Goals: Create an application that consumes an API.

Warm Up


Over the next two class sessions, work through this list of common interview questions with your partner before you start coding for the day. Once again, this may be formatted as a mock interview, or you may discuss potential answers together:

Non-Technical

  • What about coding interests you? What are your favorite parts?
  • What's your workflow like when you sit down to create an application?
  • What made you decide to attend a coding bootcamp?

General Coding

  • What are the advantages to testing your code. What about disadvantages?
  • How do you integrate testing into your general workflow when creating an application?
  • Describe an HTTP GET request.

Code


API-Consuming Application

For the second half of this section, you and your pair will build an application that interacts with an API that you (or your classmates) built at the start of the section. If you're using a classmate's API, make sure you clone or fork the project and push changes to your own repo.

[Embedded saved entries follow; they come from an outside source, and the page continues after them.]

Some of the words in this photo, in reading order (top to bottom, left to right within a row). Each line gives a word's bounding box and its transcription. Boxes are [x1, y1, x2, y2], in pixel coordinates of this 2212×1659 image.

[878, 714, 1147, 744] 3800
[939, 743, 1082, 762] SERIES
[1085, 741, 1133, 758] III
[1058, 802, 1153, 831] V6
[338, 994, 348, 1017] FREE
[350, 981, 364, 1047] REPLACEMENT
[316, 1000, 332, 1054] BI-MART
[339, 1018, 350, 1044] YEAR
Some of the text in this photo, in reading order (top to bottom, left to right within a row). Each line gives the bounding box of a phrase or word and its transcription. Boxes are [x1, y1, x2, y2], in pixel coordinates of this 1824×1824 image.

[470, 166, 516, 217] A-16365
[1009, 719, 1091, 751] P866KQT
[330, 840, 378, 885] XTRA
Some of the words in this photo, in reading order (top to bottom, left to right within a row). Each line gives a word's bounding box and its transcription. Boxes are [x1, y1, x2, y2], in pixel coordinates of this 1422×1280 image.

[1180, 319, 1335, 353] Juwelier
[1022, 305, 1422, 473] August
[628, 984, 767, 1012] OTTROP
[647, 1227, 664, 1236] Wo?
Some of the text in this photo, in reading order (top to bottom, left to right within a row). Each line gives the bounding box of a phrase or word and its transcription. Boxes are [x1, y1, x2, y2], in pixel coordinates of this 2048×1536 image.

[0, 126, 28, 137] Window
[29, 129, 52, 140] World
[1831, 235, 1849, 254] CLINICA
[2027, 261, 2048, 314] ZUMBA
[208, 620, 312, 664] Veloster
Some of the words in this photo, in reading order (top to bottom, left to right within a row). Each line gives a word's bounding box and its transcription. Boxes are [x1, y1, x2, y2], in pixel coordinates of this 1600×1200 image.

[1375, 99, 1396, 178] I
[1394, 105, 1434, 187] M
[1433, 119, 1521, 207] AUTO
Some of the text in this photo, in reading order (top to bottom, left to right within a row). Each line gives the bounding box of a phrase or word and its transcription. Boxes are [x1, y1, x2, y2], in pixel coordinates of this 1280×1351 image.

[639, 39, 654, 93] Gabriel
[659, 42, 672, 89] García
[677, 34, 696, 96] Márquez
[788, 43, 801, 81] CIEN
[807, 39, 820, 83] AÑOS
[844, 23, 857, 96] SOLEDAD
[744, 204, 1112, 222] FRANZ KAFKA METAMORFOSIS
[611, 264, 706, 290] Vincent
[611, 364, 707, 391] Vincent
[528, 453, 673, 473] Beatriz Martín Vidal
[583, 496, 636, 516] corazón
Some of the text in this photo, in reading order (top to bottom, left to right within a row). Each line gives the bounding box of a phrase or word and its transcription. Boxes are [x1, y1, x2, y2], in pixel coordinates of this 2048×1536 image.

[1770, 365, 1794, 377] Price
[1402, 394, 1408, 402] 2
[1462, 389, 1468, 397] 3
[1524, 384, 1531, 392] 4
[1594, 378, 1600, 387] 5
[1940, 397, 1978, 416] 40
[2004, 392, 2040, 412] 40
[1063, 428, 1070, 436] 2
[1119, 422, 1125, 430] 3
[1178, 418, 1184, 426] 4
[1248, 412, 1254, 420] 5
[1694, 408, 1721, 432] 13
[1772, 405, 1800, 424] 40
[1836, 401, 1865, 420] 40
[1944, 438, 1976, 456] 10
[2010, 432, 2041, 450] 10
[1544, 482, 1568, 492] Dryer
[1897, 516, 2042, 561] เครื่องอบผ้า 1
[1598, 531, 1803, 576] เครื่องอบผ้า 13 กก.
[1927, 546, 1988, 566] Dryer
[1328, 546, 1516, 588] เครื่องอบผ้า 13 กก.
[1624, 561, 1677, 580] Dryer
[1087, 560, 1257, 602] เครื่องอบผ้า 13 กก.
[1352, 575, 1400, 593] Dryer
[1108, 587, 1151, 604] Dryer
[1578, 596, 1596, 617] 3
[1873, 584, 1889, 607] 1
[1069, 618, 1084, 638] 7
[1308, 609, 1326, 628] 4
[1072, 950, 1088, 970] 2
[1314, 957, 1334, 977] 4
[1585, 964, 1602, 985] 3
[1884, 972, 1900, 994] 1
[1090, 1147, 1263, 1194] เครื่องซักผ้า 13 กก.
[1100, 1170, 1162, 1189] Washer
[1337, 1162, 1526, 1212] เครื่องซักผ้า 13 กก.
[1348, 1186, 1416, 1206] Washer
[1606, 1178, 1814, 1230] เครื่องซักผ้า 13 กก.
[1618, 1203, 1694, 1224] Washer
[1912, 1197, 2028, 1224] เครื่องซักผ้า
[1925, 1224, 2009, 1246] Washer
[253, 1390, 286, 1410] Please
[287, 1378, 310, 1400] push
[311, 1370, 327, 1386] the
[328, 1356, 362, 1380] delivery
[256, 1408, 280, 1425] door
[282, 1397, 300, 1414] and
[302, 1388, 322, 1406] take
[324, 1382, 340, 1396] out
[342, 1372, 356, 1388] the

Your goal is twofold: continue improving the API itself and make an application for users to interact with!

You can choose to continue working with your pair that you worked with to build the API or you can choose to work with another pair.

On short weeks, you'll have less time to build an API-consuming application. Remember that you'll be expected to build an API and put your best effort into implementing at least one of the five objectives from the Further Exploration lesson for this section's independent project, so if you don't feel comfortable with any of these objectives yet, take the time to practice further.

Peer Code Review


  • Application successfully returns responses for each API call.
  • Host application successfully consumes API.
  • README thoroughly describes all endpoints along with parameters that can be used.
  • Application works as expected.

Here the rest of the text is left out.